**WHAT THIS TASK INVOLVES**
Each record here should be printed again exactly; please leave its pictures out.

START RECORDS SUPPLIED

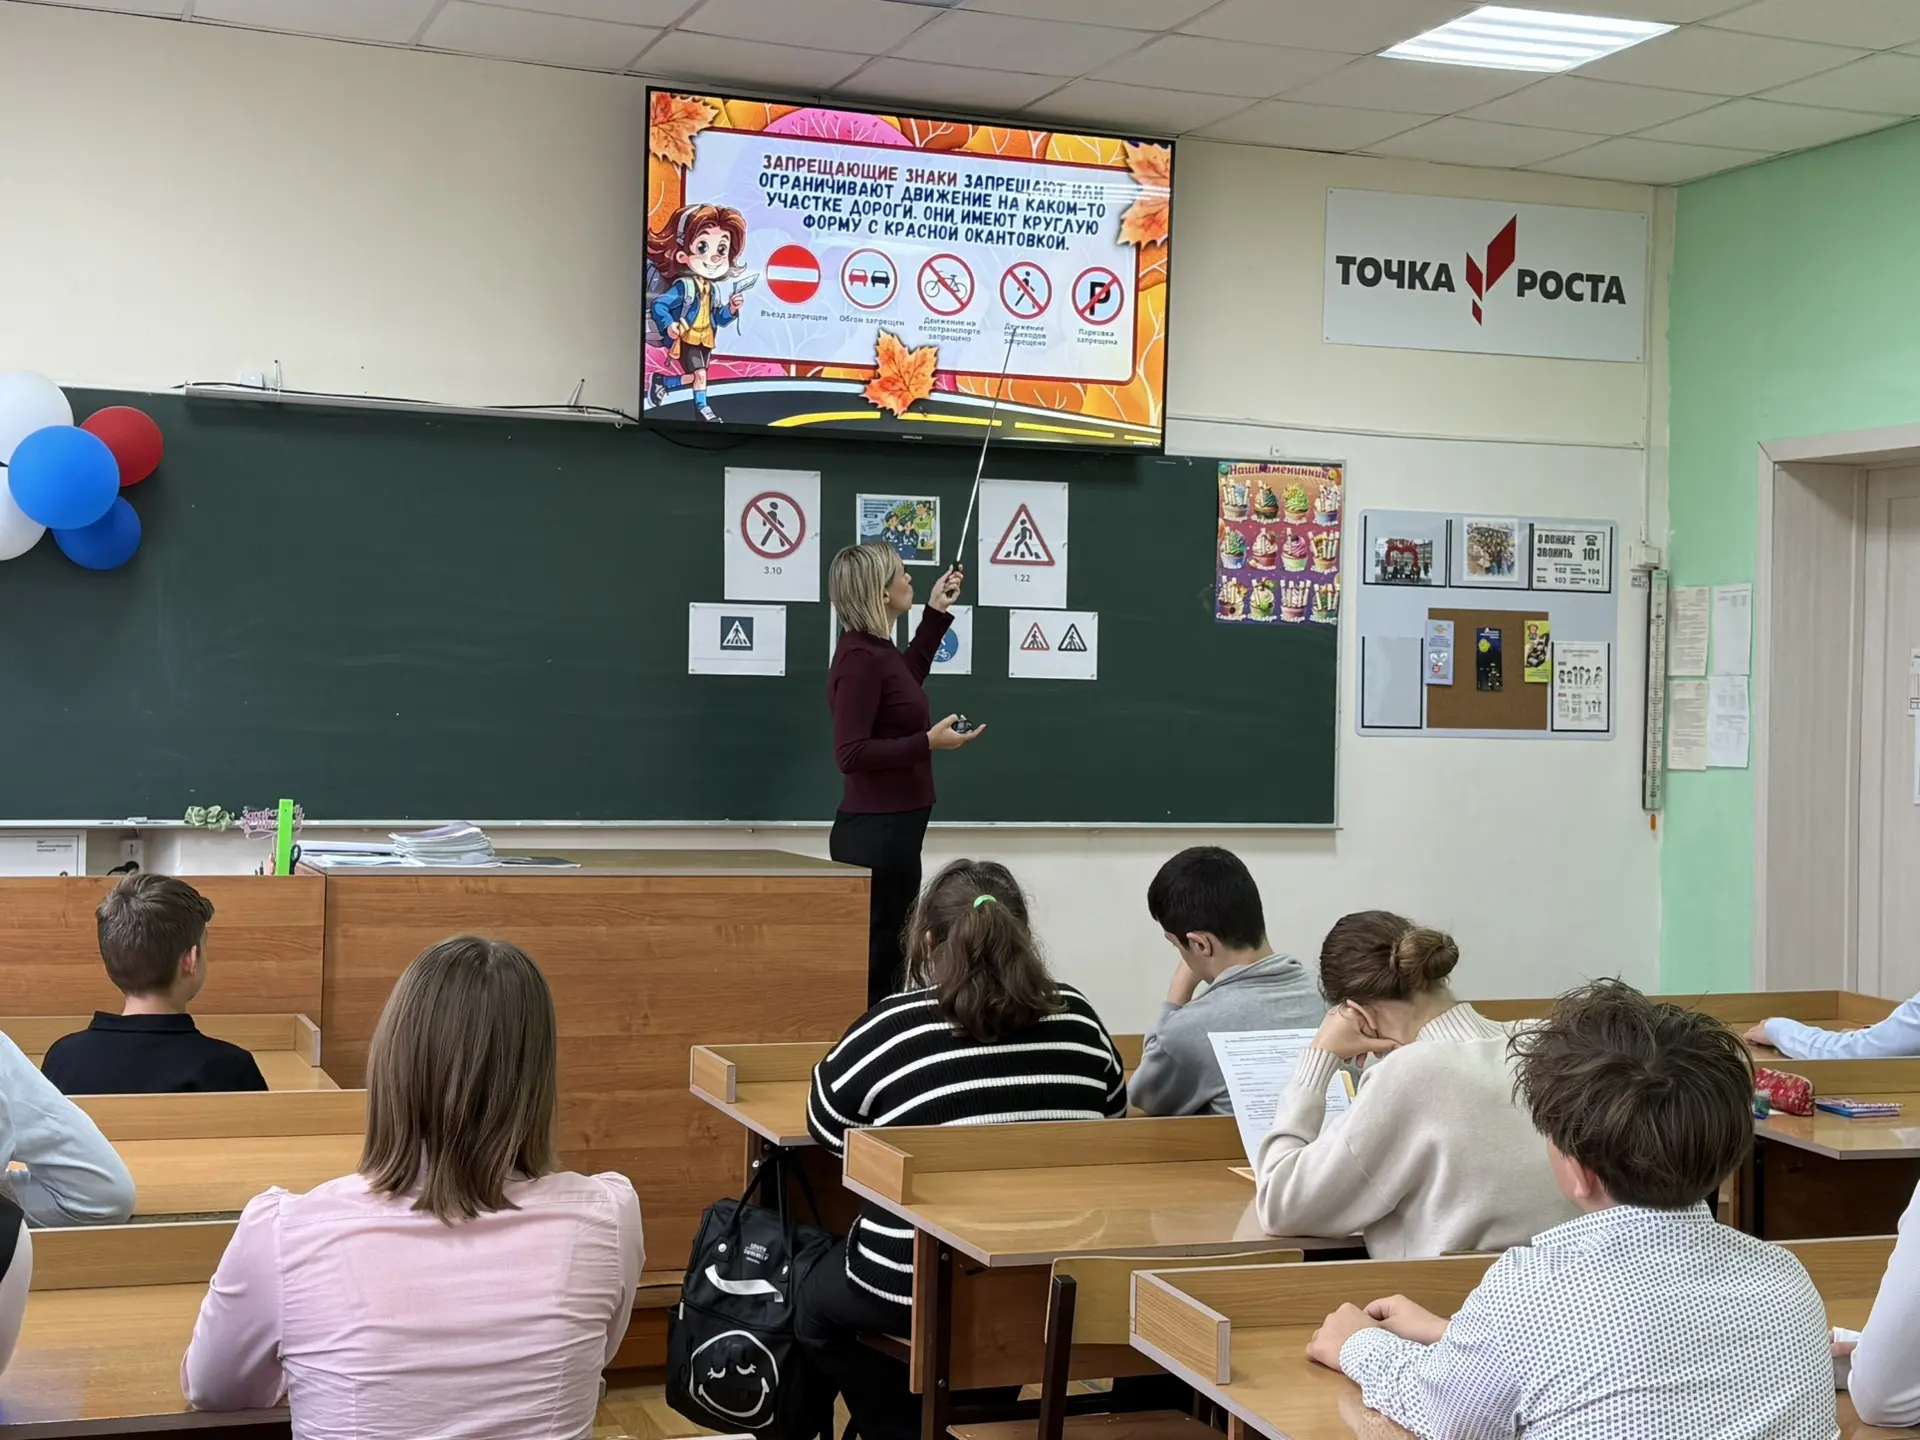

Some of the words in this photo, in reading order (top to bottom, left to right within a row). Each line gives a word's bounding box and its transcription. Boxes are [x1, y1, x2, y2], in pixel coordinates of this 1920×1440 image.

[763, 155, 899, 183] ЗАПРЕЩАЮЩИЕ
[905, 168, 958, 187] ЗНАКИ
[759, 172, 894, 199] ОГРАНИЧИВАЮТ
[901, 186, 992, 208] ДВИЖЕНИЕ
[998, 195, 1019, 211] НА
[1026, 198, 1106, 218] КАКОМ-ТО
[766, 191, 843, 213] УЧАСТКЕ
[849, 199, 918, 220] ДОРОГИ.
[924, 206, 955, 224] ОНИ
[961, 209, 1017, 228] ИМЕЮТ
[1023, 215, 1099, 235] КРУГЛУЮ
[803, 213, 862, 233] ФОРМУ
[868, 219, 878, 235] С
[884, 220, 959, 242] КРАСНОЙ
[965, 228, 1070, 251] ОКАНТОВКОЙ.
[1335, 255, 1456, 293] ТОЧКА
[1517, 268, 1627, 305] РОСТА
[760, 309, 786, 319] Въезд
[787, 312, 828, 323] запрещен
[839, 315, 864, 324] Обгон
[865, 318, 905, 328] запрещен
[924, 316, 965, 326] Движение
[918, 325, 981, 336] велотранспорте
[1078, 328, 1115, 337] Парковка
[928, 333, 972, 342] запрещено
[1537, 533, 1543, 544] О
[1544, 534, 1576, 546] ПОЖАРЕ
[1536, 547, 1573, 559] ЗВОНИТЬ
[1582, 547, 1601, 561] 101
[763, 566, 782, 576] 3.10
[1013, 573, 1031, 583] 1.22

END RECORDS SUPPLIED

**SOLVED PROBLEM**
Some of the words in this photo, in reading order (top to bottom, left to right within a row). Each line gives a word's bounding box and its transcription. Boxes are [x1, y1, x2, y2], in pixel coordinates of this 1920×1440 image.

[763, 155, 899, 183] ЗАПРЕЩАЮЩИЕ
[905, 168, 958, 187] ЗНАКИ
[759, 172, 894, 199] ОГРАНИЧИВАЮТ
[901, 186, 992, 208] ДВИЖЕНИЕ
[998, 195, 1019, 211] НА
[1026, 198, 1106, 218] КАКОМ-ТО
[766, 191, 843, 213] УЧАСТКЕ
[849, 199, 918, 220] ДОРОГИ.
[924, 206, 955, 224] ОНИ
[961, 209, 1017, 228] ИМЕЮТ
[1023, 215, 1099, 235] КРУГЛУЮ
[803, 213, 862, 233] ФОРМУ
[868, 219, 878, 235] С
[884, 220, 959, 242] КРАСНОЙ
[965, 228, 1070, 251] ОКАНТОВКОЙ.
[1335, 255, 1456, 293] ТОЧКА
[1517, 268, 1627, 305] РОСТА
[760, 309, 786, 319] Въезд
[787, 312, 828, 323] запрещен
[839, 315, 864, 324] Обгон
[865, 318, 905, 328] запрещен
[924, 316, 965, 326] Движение
[918, 325, 981, 336] велотранспорте
[1078, 328, 1115, 337] Парковка
[928, 333, 972, 342] запрещено
[1537, 533, 1543, 544] О
[1544, 534, 1576, 546] ПОЖАРЕ
[1536, 547, 1573, 559] ЗВОНИТЬ
[1582, 547, 1601, 561] 101
[763, 566, 782, 576] 3.10
[1013, 573, 1031, 583] 1.22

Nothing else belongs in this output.